───── Data ─────
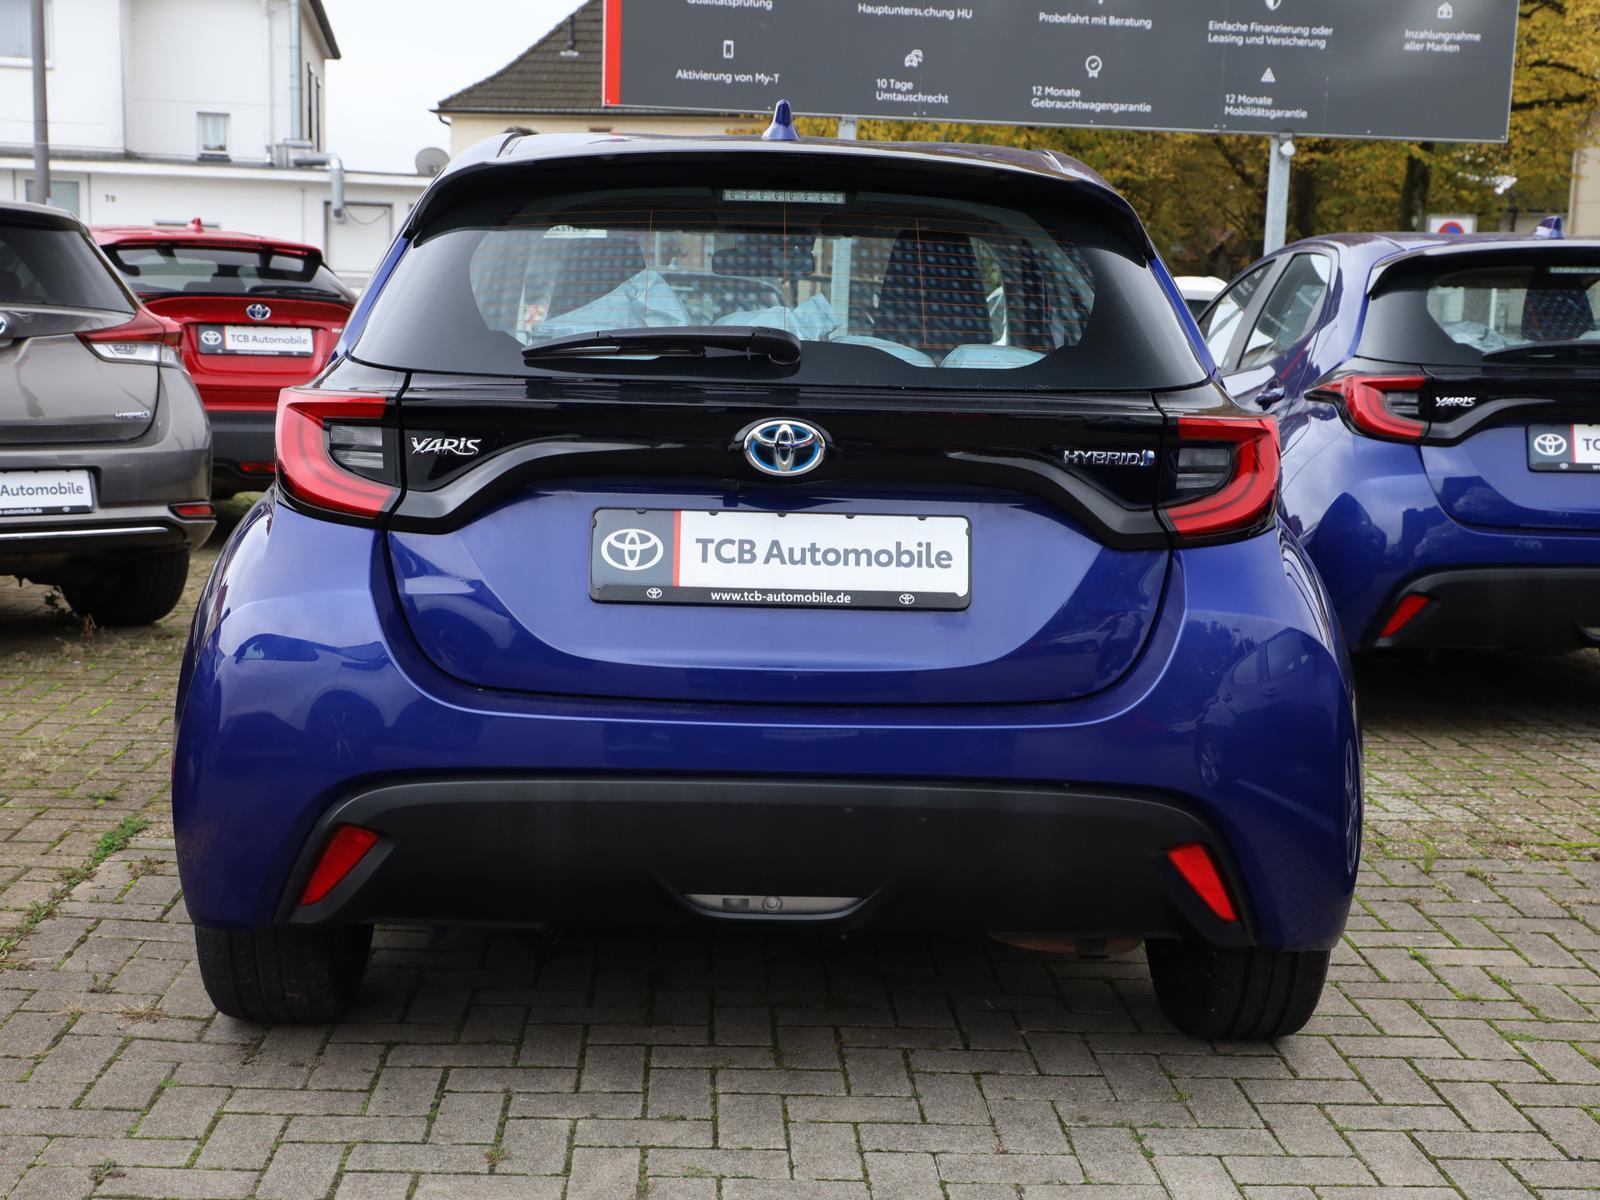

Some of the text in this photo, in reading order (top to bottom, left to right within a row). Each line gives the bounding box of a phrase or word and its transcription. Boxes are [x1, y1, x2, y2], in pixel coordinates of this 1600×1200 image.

[957, 9, 973, 19] HU
[1039, 12, 1152, 29] Probefahrt mit Beratung
[1208, 20, 1333, 37] Einfache Finanzierung oder
[1404, 29, 1481, 42] Inzahlungnahme
[1208, 33, 1326, 50] Leasing und Versicherung
[1404, 41, 1460, 52] aller Marken
[676, 69, 780, 85] Aktivierung von My-T
[876, 78, 914, 91] 10 Tage
[1032, 86, 1081, 97] 12 Monate
[876, 91, 949, 104] Umtauschrecht
[1225, 94, 1273, 105] 12 Monate
[1031, 98, 1152, 113] Gebrauchtwagengarantie
[1224, 105, 1308, 120] Mobilitätsgarantie
[230, 334, 308, 345] TCB Automobile
[1435, 397, 1476, 407] YARIS
[411, 437, 481, 456] YARIS
[1064, 450, 1141, 465] HYBRID
[0, 482, 84, 497] Automobile
[695, 538, 953, 569] TCB Automobile
[711, 590, 851, 603] www.tcb-automobile.de
─────
## Problem description
Hand back all the entries exactly, leaving out the pictures.

## Output below
Some of the text in this photo, in reading order (top to bottom, left to right within a row). Each line gives the bounding box of a phrase or word and its transcription. Boxes are [x1, y1, x2, y2], in pixel coordinates of this 1600×1200 image.

[957, 9, 973, 19] HU
[1039, 12, 1152, 29] Probefahrt mit Beratung
[1208, 20, 1333, 37] Einfache Finanzierung oder
[1404, 29, 1481, 42] Inzahlungnahme
[1208, 33, 1326, 50] Leasing und Versicherung
[1404, 41, 1460, 52] aller Marken
[676, 69, 780, 85] Aktivierung von My-T
[876, 78, 914, 91] 10 Tage
[1032, 86, 1081, 97] 12 Monate
[876, 91, 949, 104] Umtauschrecht
[1225, 94, 1273, 105] 12 Monate
[1031, 98, 1152, 113] Gebrauchtwagengarantie
[1224, 105, 1308, 120] Mobilitätsgarantie
[230, 334, 308, 345] TCB Automobile
[1435, 397, 1476, 407] YARIS
[411, 437, 481, 456] YARIS
[1064, 450, 1141, 465] HYBRID
[0, 482, 84, 497] Automobile
[695, 538, 953, 569] TCB Automobile
[711, 590, 851, 603] www.tcb-automobile.de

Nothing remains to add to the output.